Pigmentation characteristics of 402Q/Q melanocytes at 31°C

Given the increase in 402Q/Q cell strain TYR protein expression (Fig. 2A) and enzyme activity observed at 31°C (Fig. 2C), we expected melanin levels to rise in those cells grown at 31°C. However, total melanin content did not change significantly either in WT or 402Q/Q samples (Fig. S4A). Electron microscopy was undertaken to further characterise the state of melanosomes (Cook et al., 2009) in both WT and 402Q/Q melanocytes grown at 37°C and 31°C for a 24hr period (Fig. S4B). Again there was no clear evidence to support an increase in melanisation at 31°C either in the WT or 402Q/Q samples, and despite an increase in TYR protein, there was no observable change in melanosome maturation.

TYR allele and haplotype associations with pigmentation phenotype

To complement the biochemical functional assays performed in cultured melanocyte cells, human pigmentation phenotypic data from two population collections that we have previously reported upon were examined for associations with the TYR S192Y and R402Q protein polymorphisms. These sets included 5423 samples from the Brisbane Twin Nevus Study (BTNS) of adolescent twins, siblings and parents, and 1738 CMM case samples (Duffy et al., 2010; Sturm et al., 2008). These were combined for an assessment of pigmentary characteristics although not all measurements were available for each genotyped individual. Using the MENDEL program first on the BTNS collection, four haplotype phases were predicted for these alleles designated as 1-1 (S-R) for WT 192S-402R, 2-1 (Y-R) for 192Y-402R, 1-2 (S-Q) for 192S-402Q, and 2-2 (Y-Q) for the double variant 192Y-402Q (Table 1). The frequencies for each haplotype were 0.35 for 1-1, 0.32 for 2-1, 0.3 for 1-2, and 0.019 for 2-2, which are similar to those reported in a recent study of European vitiligo patients (Jin et al., 2012). A linear progression of highest to lowest penetrance was seen as 1-1> 2-1> 1-2> 2-2 for olive/dark skin (14> 9> 7 > 5%) and brown eye (26> 23> 20> 17%) colour with the reciprocal situation for fair skin (46< 50< 55< 64%) and blue eye colour (39< 44< 51< 61%).
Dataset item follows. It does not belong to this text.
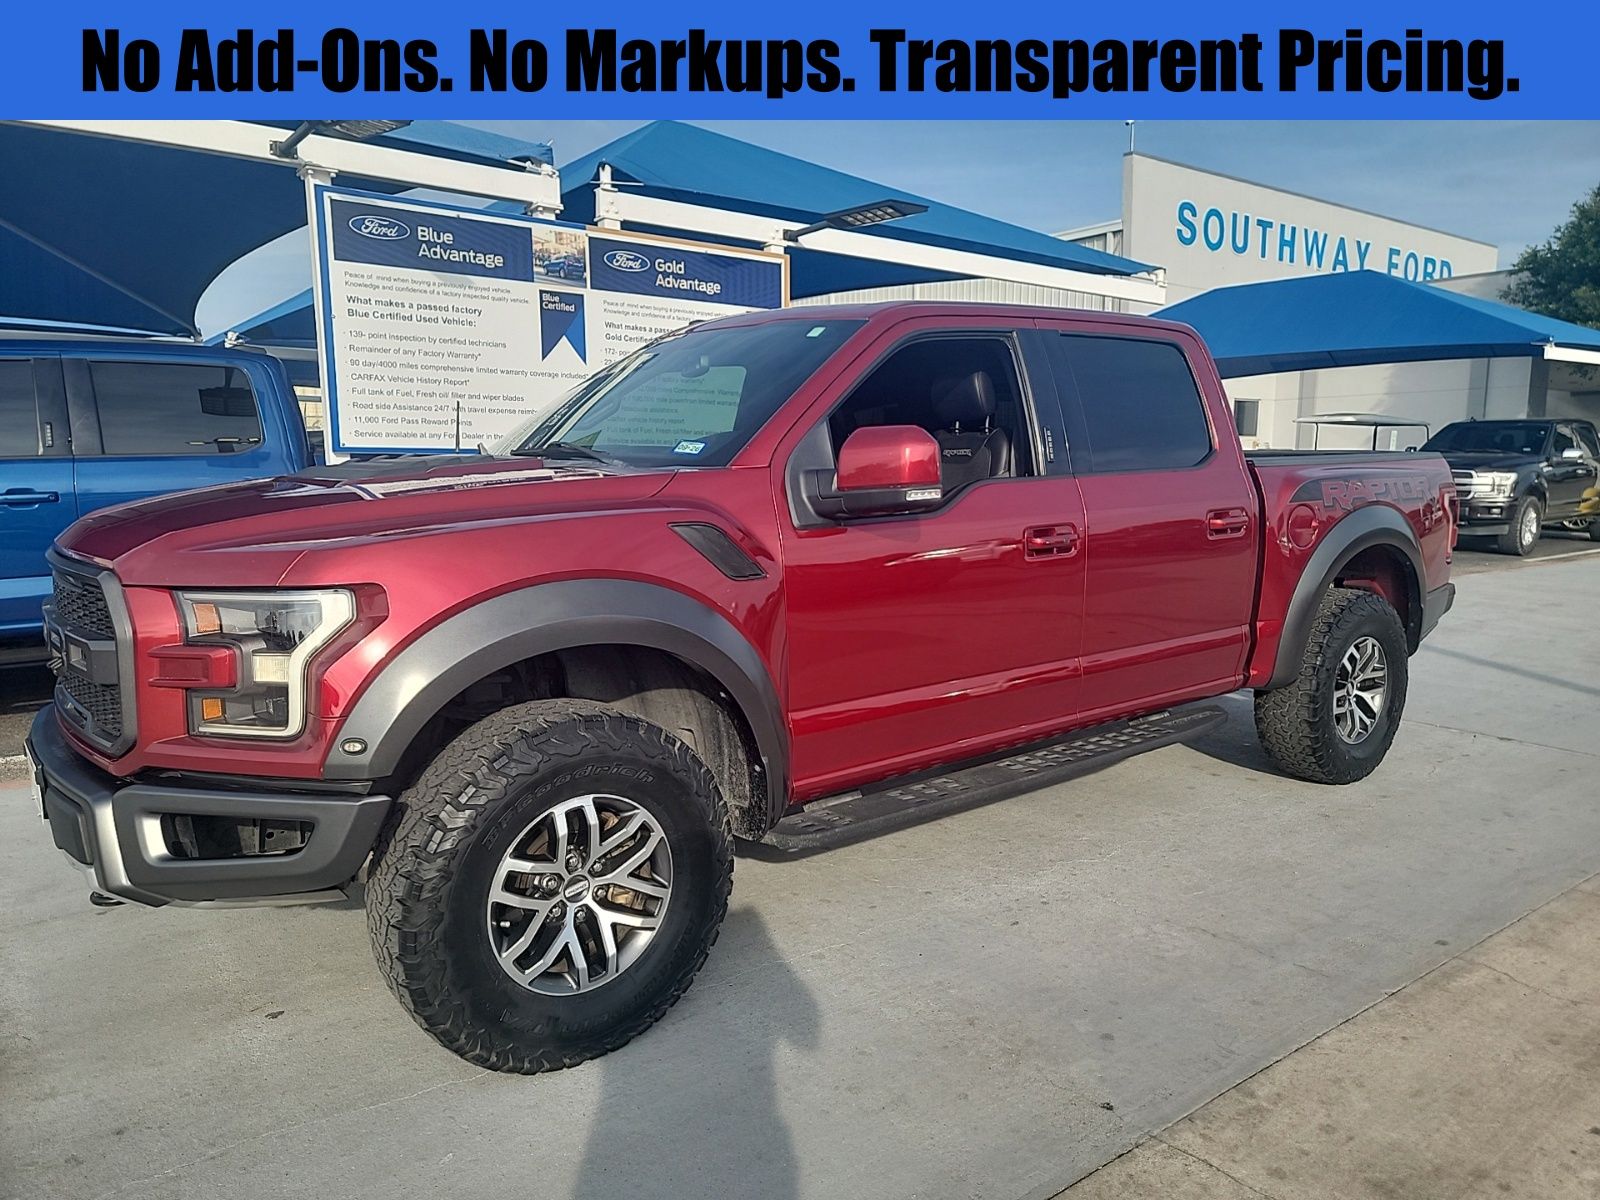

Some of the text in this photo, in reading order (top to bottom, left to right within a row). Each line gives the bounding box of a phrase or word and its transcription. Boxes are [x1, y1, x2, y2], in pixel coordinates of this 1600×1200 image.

The hair colour penetrance of these haplotypes was consistent, 1-1> 2-1=1-2 >2-2 for dark brown hair colour (38> 36=36> 25%), with the reciprocal situation for fair/blond hair (15< 18=18< 22%). Given that our biochemical studies using homozygous genotyped melanocytes showed the greatest TYR protein and enzyme activity was found in WT (1-1/1-1) followed by 192Y/Y (2-1/2-1) then 402Q/Q (1-2/1-2) (Figure 1) we propose the allele strength designation of 3 to 1 for each of these TYR haplotypes respectively (Table 1), and 0 for the double variant for which we have no biochemical data. However, two individuals who were homozygous for the 2-2 haplotype were found in the study collections. Each was fair skinned with fair/blond hair and blue eye colour, suggesting that a general hypopigmentation phenotype is associated with this haplotype.

Table 1. Skin, hair and eye colour distribution for each TYR haplotype.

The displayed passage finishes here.